Published on May 9th, 2019 | by Robert Barry Francos0
Band vs. Brand
The documentary Band vs Brand looks at the idea of bands, brands, and everything in between — the industry and the branding of artists.
The premise of this film is simple, and is explained on the box: “When does a band become a brand?” This refers to when the band name becomes a synergy of its own, until sometimes even the band members themselves have no control. The focus of this documentary is in the metal genre, starting with the post-1992 media ecological age of the Internet with some rearview mirror thinking, and it’s overarching effect on how music is purchased, downloaded, and how media streaming companies are bypassing the record companies.
Much of the story here is broken up into chapters, separated by titled cards, the first being ‘Logos and Merchandise,’ or as Minutemen’s bassist Mike Watt famously coined it, “Merch.” in the1960s and ‘70s, independent tee-shirt sellers at arenas would flash their wares. Now, the bands themselves sell their own merch with their logos. In fact, many make more money of their paraphernalia (stickers, lighters, CDs, bandanas, etc.) than they do on the concert tickets. The brand became as – if not more – important than the band.
Right after Guns N’ Roses appeared on some award show, with bassist Duff McKagan wearing a CBGB tee-shirt, suddenly people were buying the tees. CBGB owner Hilly Kristal made a small fortune with his logo. This is irony as my first Blank Generation crowd would go out of their way not to wear brands, and then CBGB was the brand.
One of the interesting aspects of sections like ‘Classic Rock’ is listening to the seasoned musicians such as one of Nik Turner’s Hawkwind, discussing how, for example, (and I’m paraphrasing) that The Who would be less legitimate with Daltry and not Townshend than with Townshend and not Daltry. It’s true that bands have a history of being taken over by its singer, such as Diana Ross and The Supremes, or Buddy Holly and The Crickets. When the musicians themselves start talking about the distaste of that, I find that thought-provoking.
I also find it interesting that the bands that are interviewed tend towards the older side, so when they discuss ‘Technology and the Internet,’ for example, it’s mostly doom and gloom about quality and the anyone can do it attitude, but DIY is solid punk rock mentality because it was put out by the fans and musicians themselves. Certainly I am not arguing with the fact that most of the music now is overproduced, but arguably, so was Sgt. Pepper’s Lonely Hearts Club Band, and the products of Yes, ELP, and many of the late ’60 and early ‘70s rock (what we think of now as classic rock) that needed a whole crew of technicians to set up and play in arenas, as opposed to the plug and play of rock’n’roll.

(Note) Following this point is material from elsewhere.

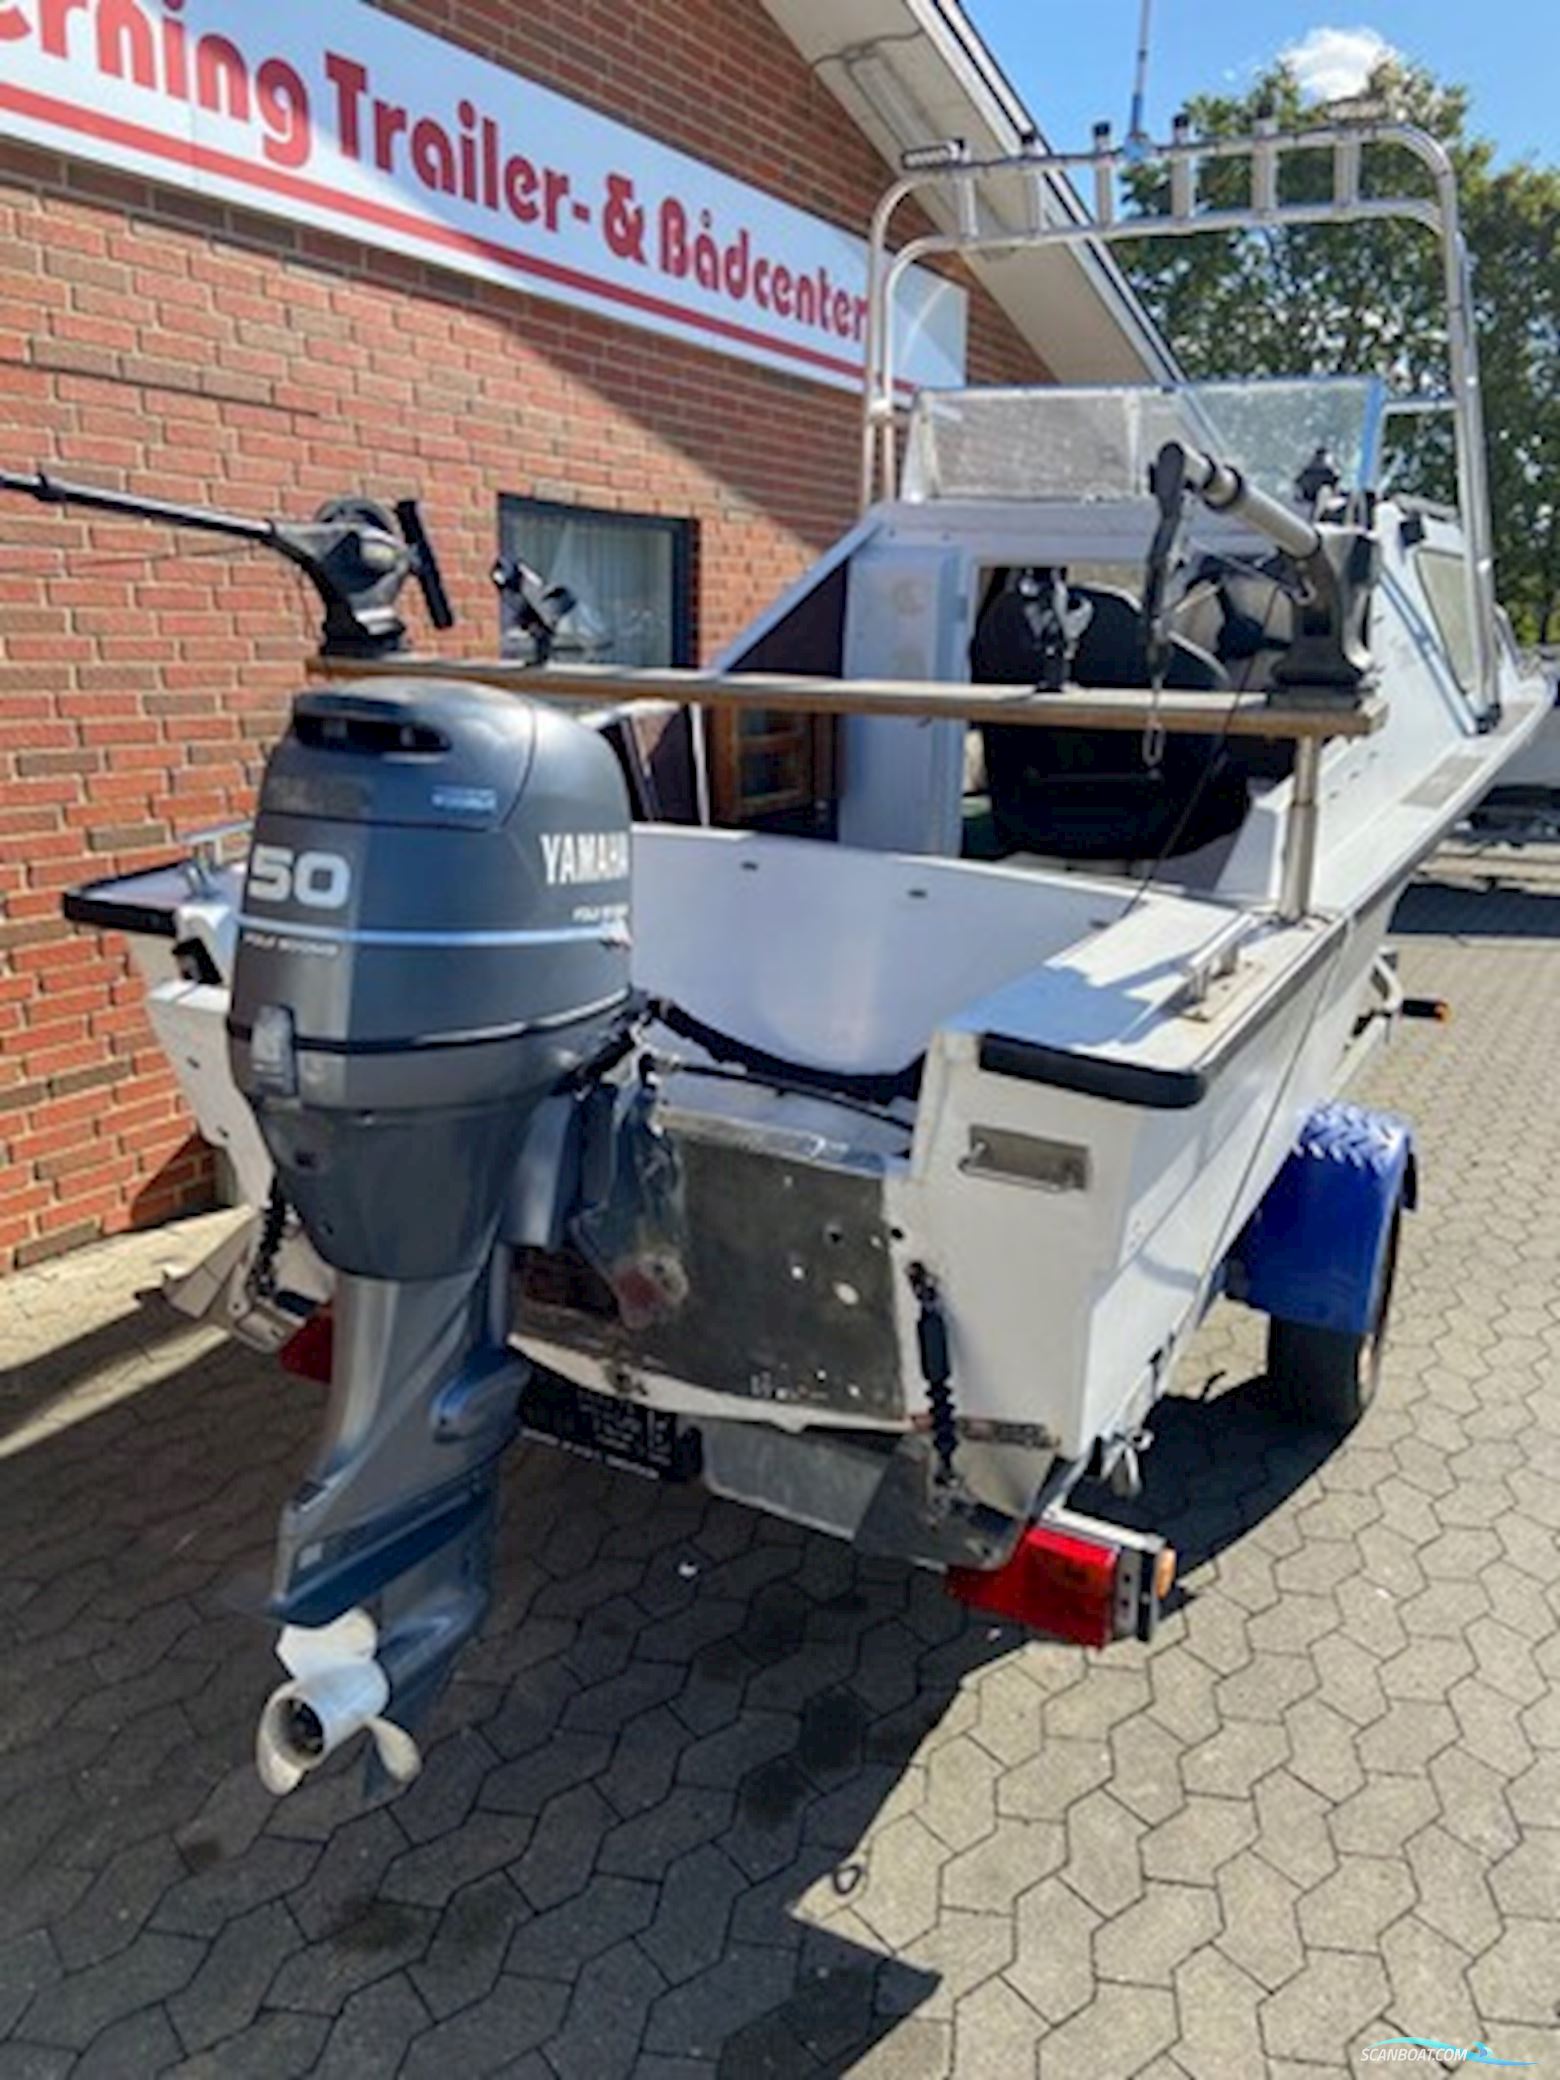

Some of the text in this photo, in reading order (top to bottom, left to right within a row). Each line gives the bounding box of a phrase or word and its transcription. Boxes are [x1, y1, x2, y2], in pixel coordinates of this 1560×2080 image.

This rightfully leads to “The Changing Industry,” which, again, is nothing new, but still fascinating. Much of this chapter looks at how the fans approach music differently than they used to, which drive the bands to approach their music in dissimilar ways, which also affects the way products (both bands and their music) reach their market.
Not everyone can have the touring power of The Rolling Stones or Paul McCartney, so when discussing “Live Performances,” this documentary correctly posits that bands have had to change the way they tour, be it package tours with other bands (though I do remember seeing a Foghat / Montrose / Black Oak Arkansas show in the mid-1970s), or play in casinos, on cruise ships, private corporate shows, or more and smaller venues on a single tour (for example, I saw Johnny Winter play at Louie’s, a college bar in Saskatoon, in 2011).
While not in this order, the chapter “Hologram” could easily have followed the “Live Performance” one, perhaps called either the “Dead Performance” or “the Lazy Performance.” This is where a hologram of the artist – dead or alive – is used in the act. The idea of this drives me crazy. ABBA is currently in the process of being digitized as their younger selves and going “on tour.” I’m not paying $100+ a seat to essentially watch HDTV.
There is no getting around this is a negative topic so it’s hard not to be cynical either watching it as a viewer, or from the musicians’ standpoint onscreen, but director Bob Nalbanian keeps it interesting and flowing. Considering the musicians involved here – and this is just a small touch – from bands such as Dio, Angel (who really do have the coolest logo ever, and the story is included in the documentary), Plasmatics, Megadeth, Slayer, Keel, and Saxon, along with some I’ve mentioned previously; this is obviously geared to an older demographic who are probably less comfortable with the modern tone of the music biz.
While it’s sad it’s come down to mere merchandising sometimes more than the music, it’s also been part of the legacy of rock’n’roll from the beginning. It has, however, picked up momentum along the way. Fans of my generation remember ticket prices to big shows being under $10, and no distracting glare from cell phones recording the concerts. That it is different now is the point of this documentary, and Nalbanian presents some of the top veteran musicians in the field to successfully prove his point. Worth the view.